* _Task input_:

####################

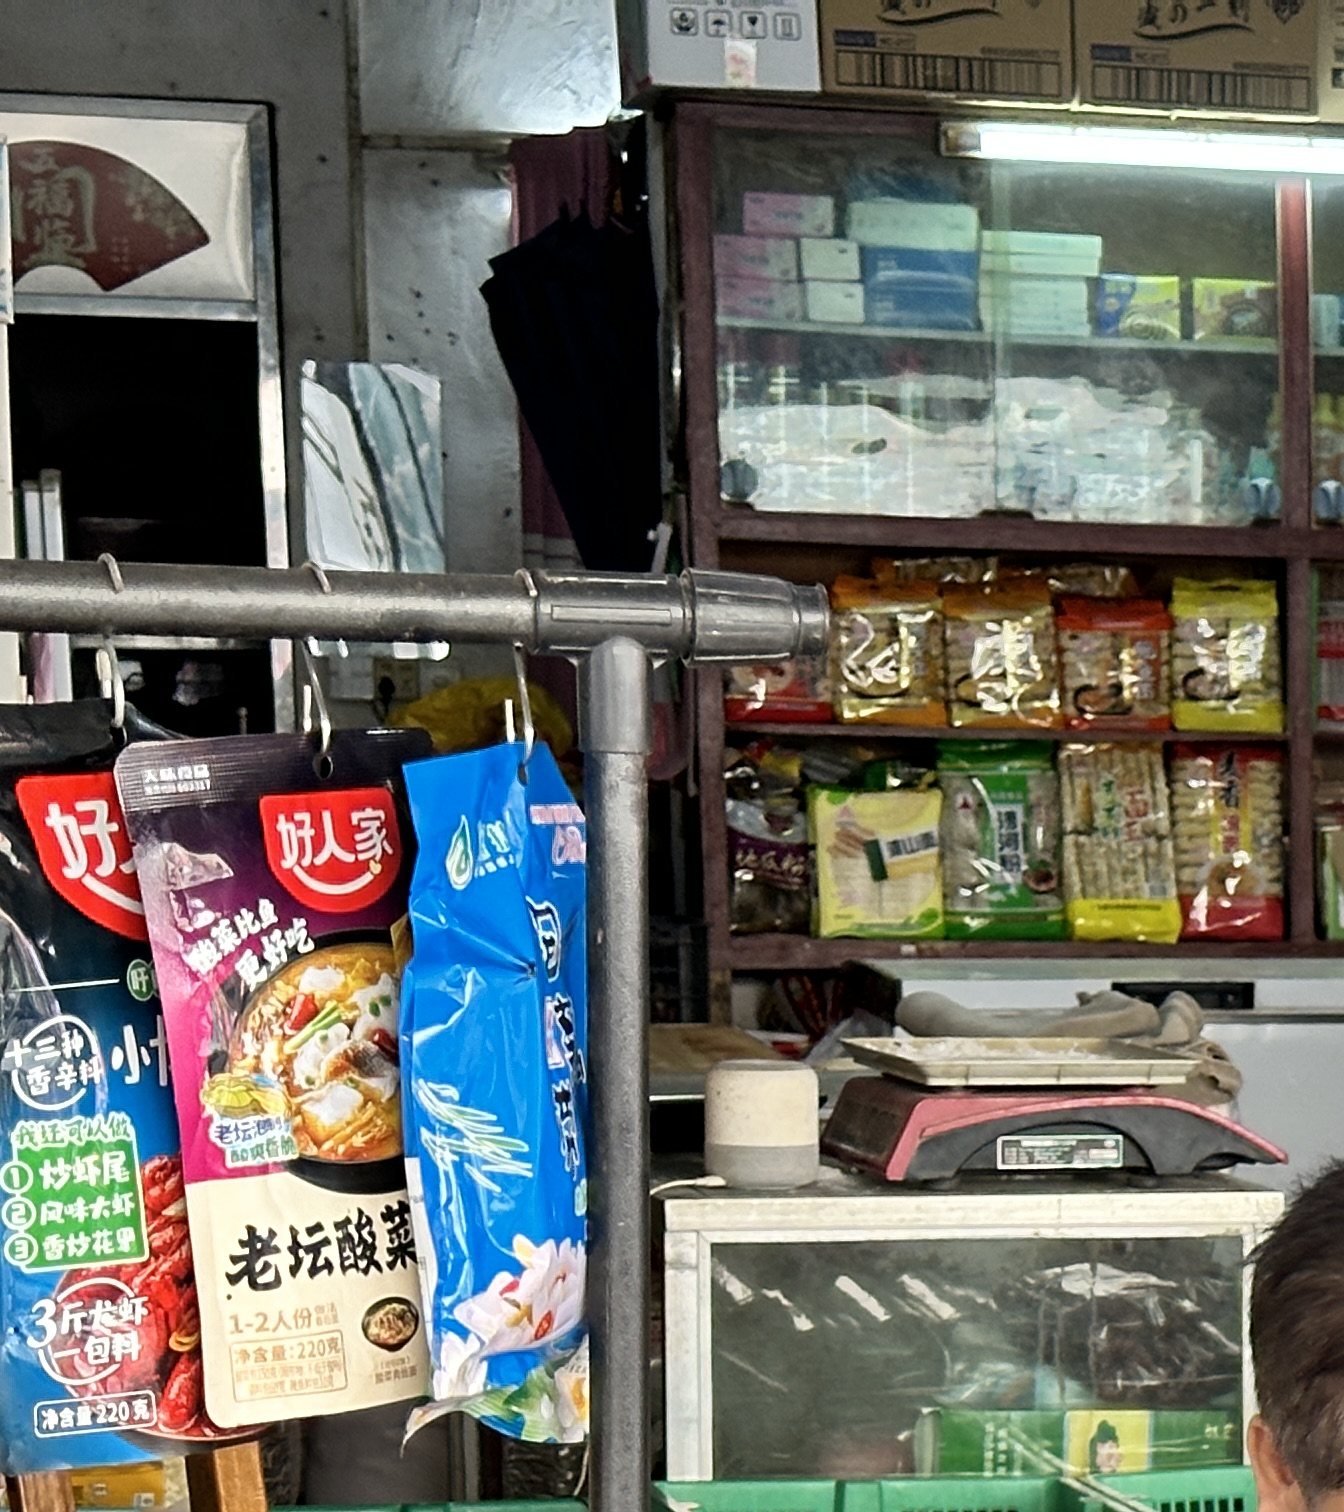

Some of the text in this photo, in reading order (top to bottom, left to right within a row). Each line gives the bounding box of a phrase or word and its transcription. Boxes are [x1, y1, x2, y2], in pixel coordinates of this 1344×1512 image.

[45, 800, 132, 879] 好
[278, 807, 394, 867] 好人家
[234, 918, 315, 991] 更好吃
[4, 1028, 86, 1067] 十三种
[17, 1117, 134, 1147] 我还可以做
[40, 1154, 132, 1190] 炒虾尾
[39, 1198, 137, 1226] 风味大虾
[226, 1200, 420, 1296] 老坛酸菜
[228, 1306, 313, 1336] 1-2人份
[52, 1330, 142, 1364] 一包料

####################

* _Try it_: Go through the records and repeat each one exactly, skipping anything that is a picture.

* _Expected answer_:
Some of the text in this photo, in reading order (top to bottom, left to right within a row). Each line gives the bounding box of a phrase or word and its transcription. Boxes are [x1, y1, x2, y2], in pixel coordinates of this 1344×1512 image.

[45, 800, 132, 879] 好
[278, 807, 394, 867] 好人家
[234, 918, 315, 991] 更好吃
[4, 1028, 86, 1067] 十三种
[17, 1117, 134, 1147] 我还可以做
[40, 1154, 132, 1190] 炒虾尾
[39, 1198, 137, 1226] 风味大虾
[226, 1200, 420, 1296] 老坛酸菜
[228, 1306, 313, 1336] 1-2人份
[52, 1330, 142, 1364] 一包料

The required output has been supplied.